(Work request)
Word for word, restate the lines from the one holding "this 1280×1709 image." through the end of the data below, including both endpoints and nothing more.

(Free-text object descriptions)
====================

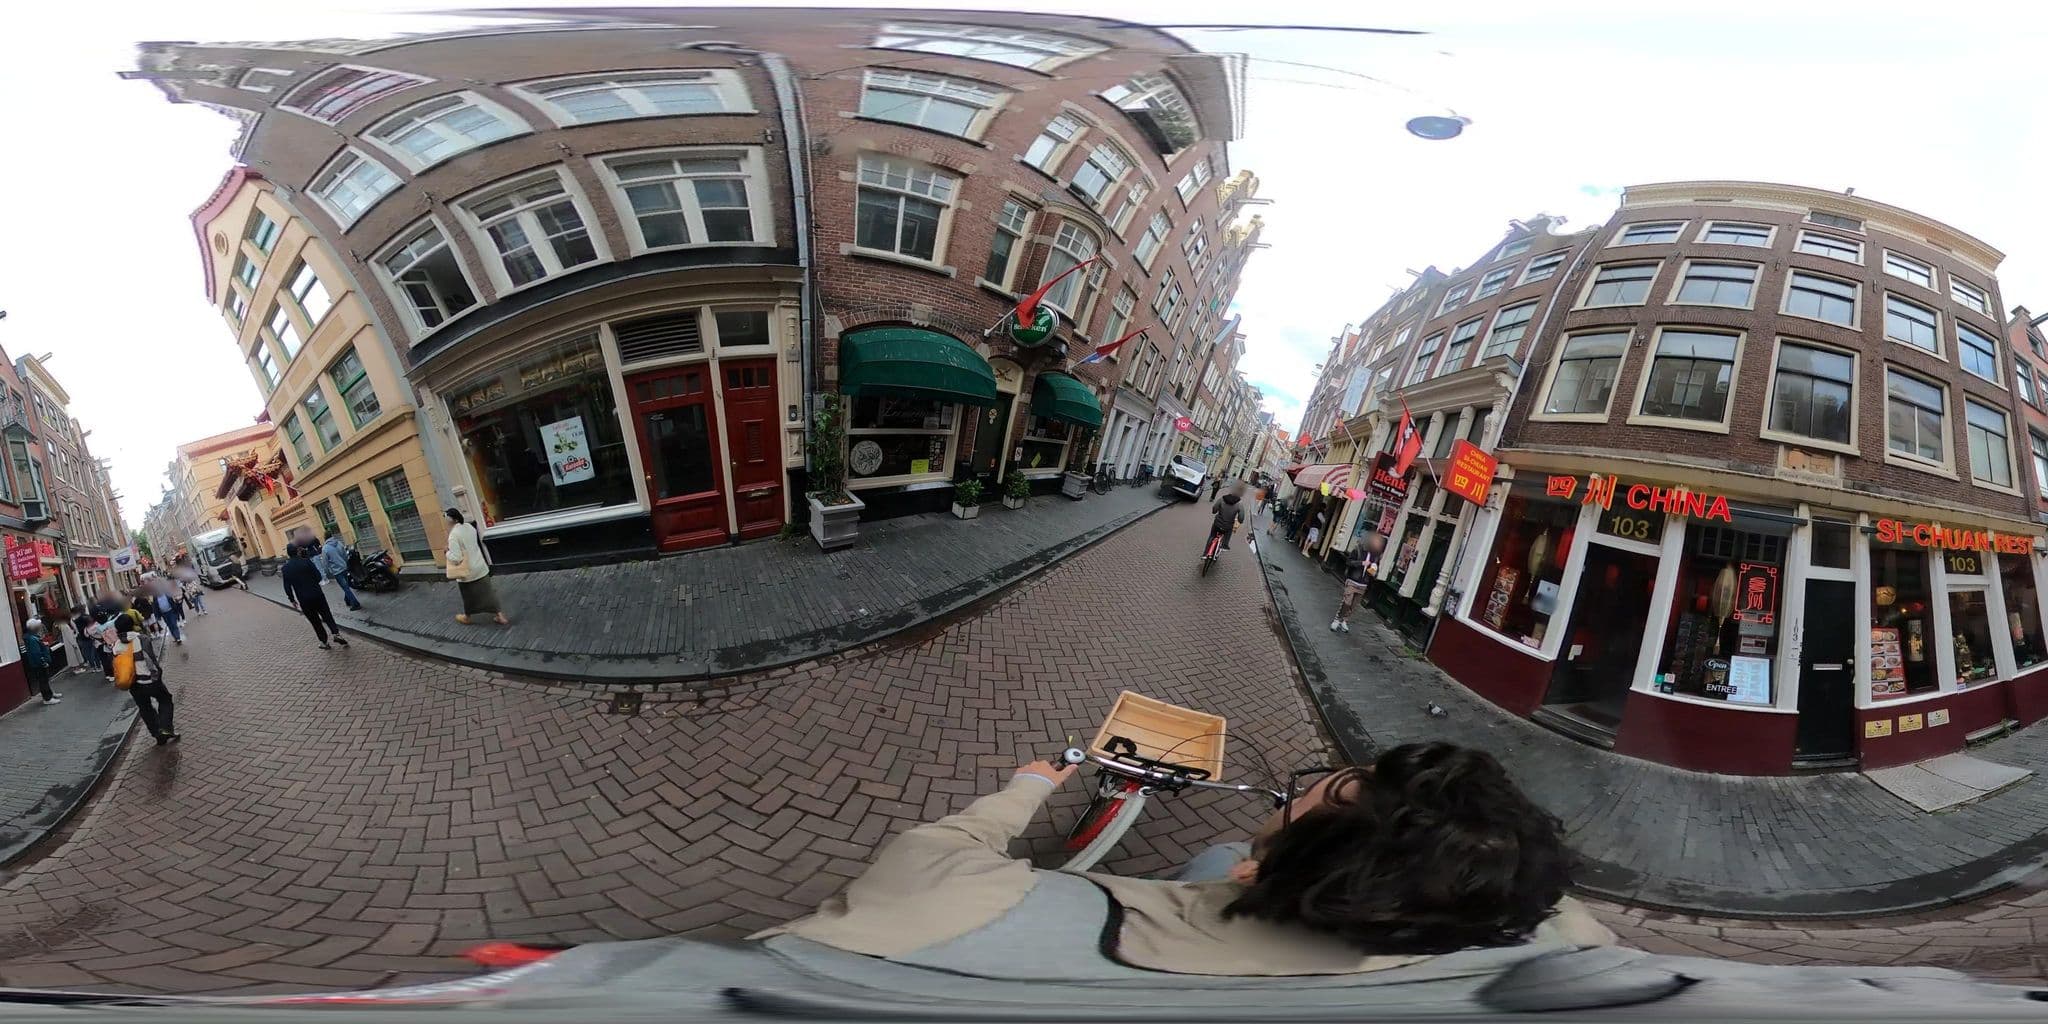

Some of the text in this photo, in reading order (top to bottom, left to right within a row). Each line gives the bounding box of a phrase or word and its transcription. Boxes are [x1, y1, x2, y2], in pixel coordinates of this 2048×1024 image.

[1375, 468, 1407, 491] Henk
[1456, 459, 1490, 481] RESTAURANT
[1454, 474, 1485, 500] 四川
[1547, 475, 1732, 522] 四川 CHINA
[1611, 516, 1649, 539] 103
[1876, 518, 1991, 552] SI-CHUAN
[1950, 557, 1976, 572] 103
[1708, 659, 1727, 669] Open
[1706, 683, 1737, 693] ENTREE
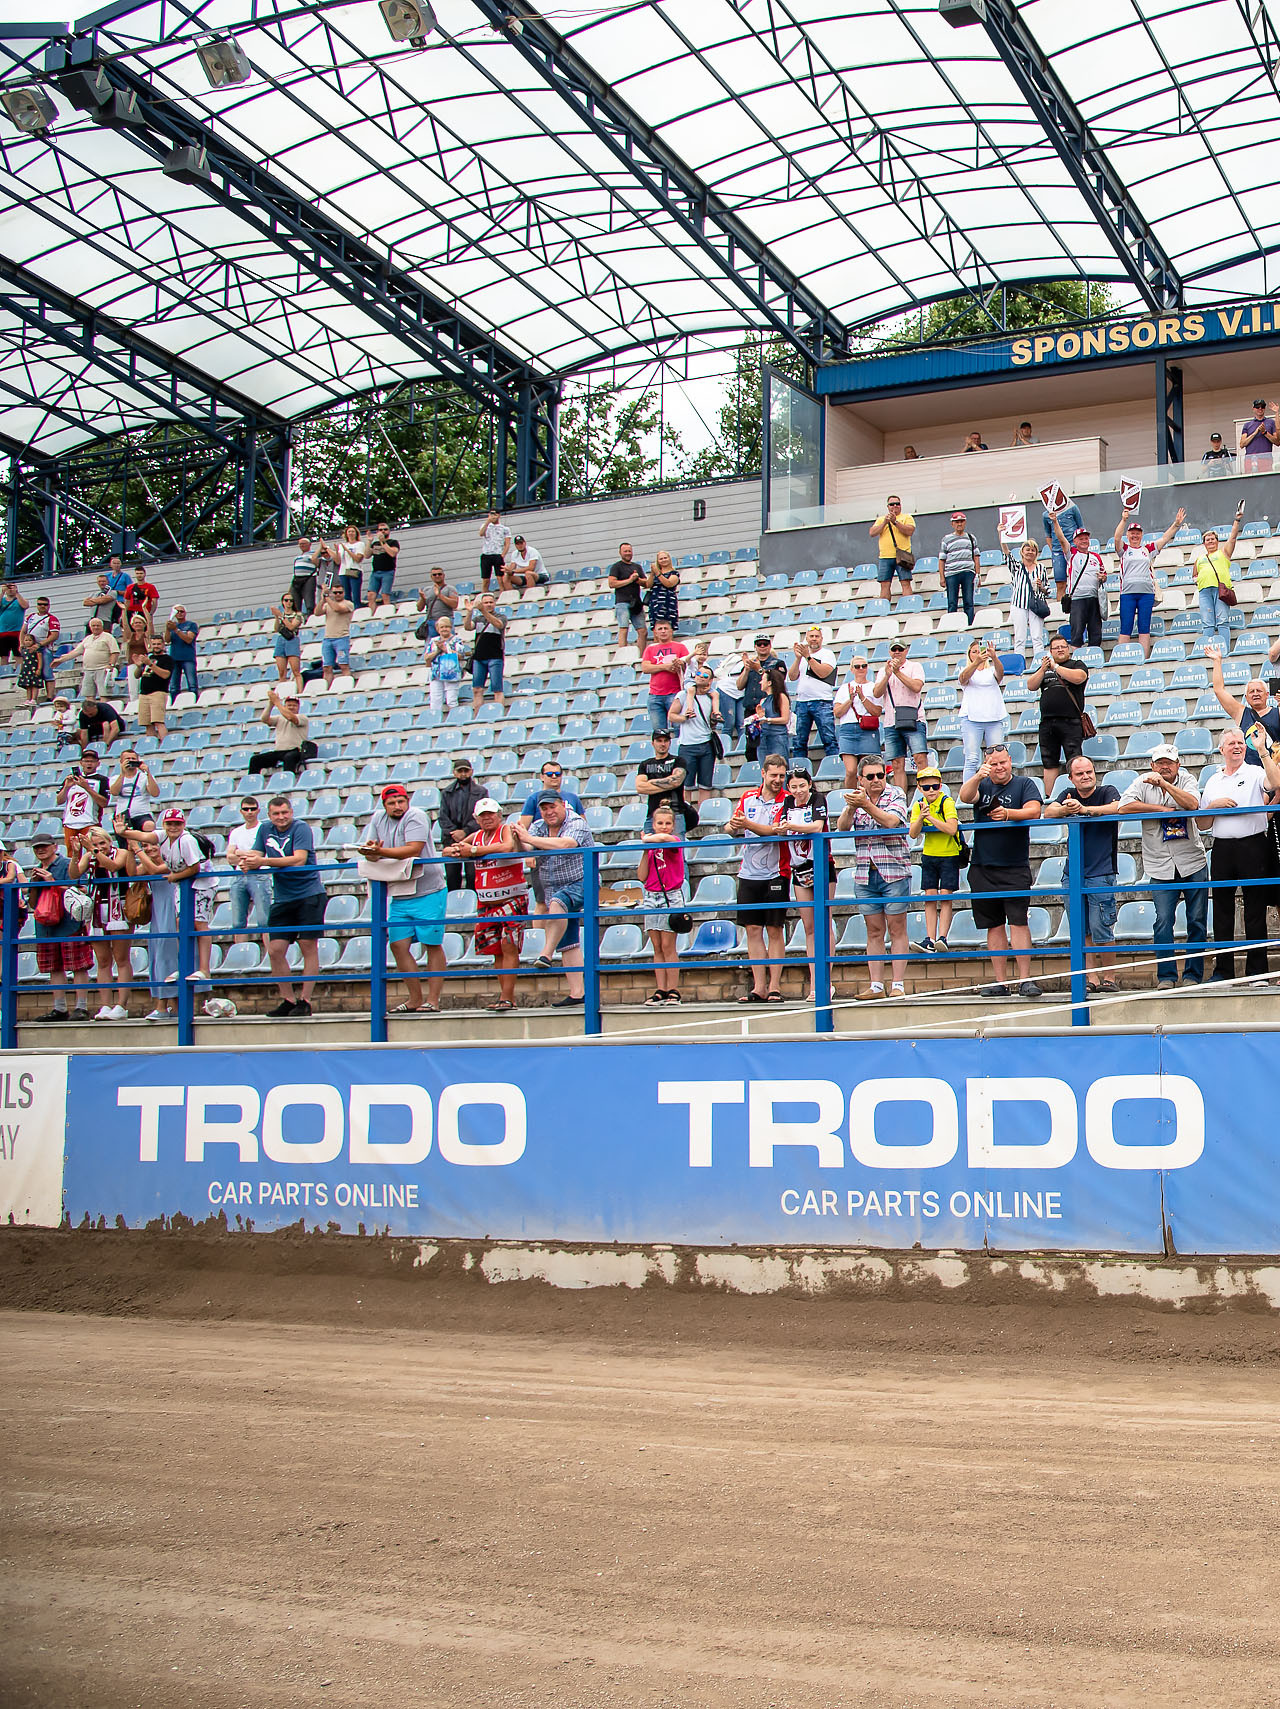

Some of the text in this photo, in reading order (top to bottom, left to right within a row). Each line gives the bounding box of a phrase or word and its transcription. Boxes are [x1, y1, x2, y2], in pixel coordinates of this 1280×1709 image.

[1011, 314, 1206, 366] SPONSORS
[982, 794, 1012, 805] BSS
[117, 1083, 527, 1167] TRODO
[657, 1073, 1206, 1170] TRODO
[208, 1180, 420, 1208] CAR PARTS ONLINE
[780, 1189, 1063, 1219] CAR PARTS ONLINE

====================

(Exercise result)
Some of the text in this photo, in reading order (top to bottom, left to right within a row). Each line gives the bounding box of a phrase or word and its transcription. Boxes are [x1, y1, x2, y2], in pixel coordinates of this 1280×1709 image.

[1011, 314, 1206, 366] SPONSORS
[982, 794, 1012, 805] BSS
[117, 1083, 527, 1167] TRODO
[657, 1073, 1206, 1170] TRODO
[208, 1180, 420, 1208] CAR PARTS ONLINE
[780, 1189, 1063, 1219] CAR PARTS ONLINE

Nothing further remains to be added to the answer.